Growing up my mom was often quite fearful. Yet she was very brave. Let me explain. I grew up in the South Bronx. It was not necessarily the safest area for a young girl or many others. Things have since changed but there was fear of crime in those parts.
My mother had a recurring dream where we were in a supermarket and I disappeared. That dream haunted her day and night. She worried constantly about me. As a teenager I didn’t want my mom to worry about me. Or rather I didn’t want her to show her worries in front of my friends. But her fears sunk deep into my subconscious. It was there whether I acknowledged it or not. Then one day my mom let go of her fears allowing me to go to boarding school in Massachusetts. And, although that was not super far it might as well have been in another galaxy. But she let me go. She was brave. And, I became brave.
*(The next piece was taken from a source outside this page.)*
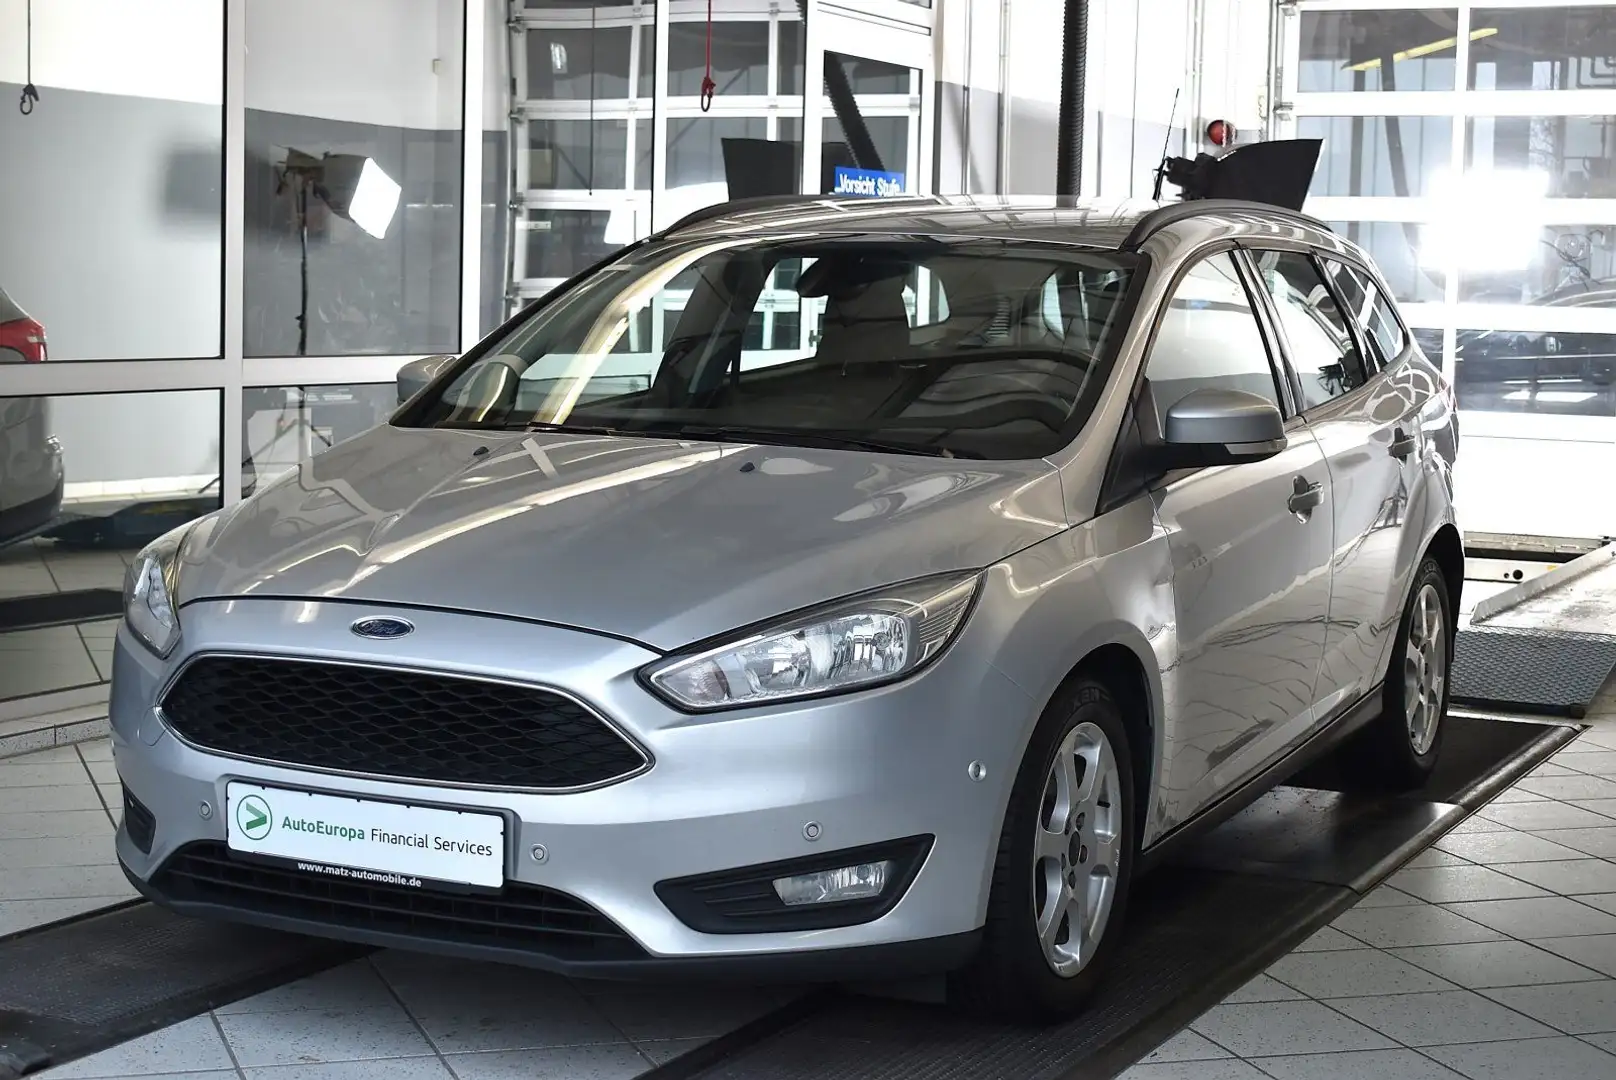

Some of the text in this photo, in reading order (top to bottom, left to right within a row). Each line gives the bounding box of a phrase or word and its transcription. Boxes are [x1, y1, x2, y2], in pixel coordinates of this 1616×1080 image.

Fast forward to the other day where I was with family at a party. Many of the kids there were fearful. The parents smothered and kept the kids on a very tight leash. They were shocked that my son was independent. Don’t get me wrong. He is still my baby and I still baby him. But I allow him to be free. He also talks to anyone. He also is up for adventures. He also is anti-bullying. He will call out a bully and defend others. We all need to do that.
Some people let fear drive them. And its ok to be afraid in a moment. There are potentially many anxiety-provoking situations in which we may find ourselves. But fear can’t or shouldn’t be our baseline.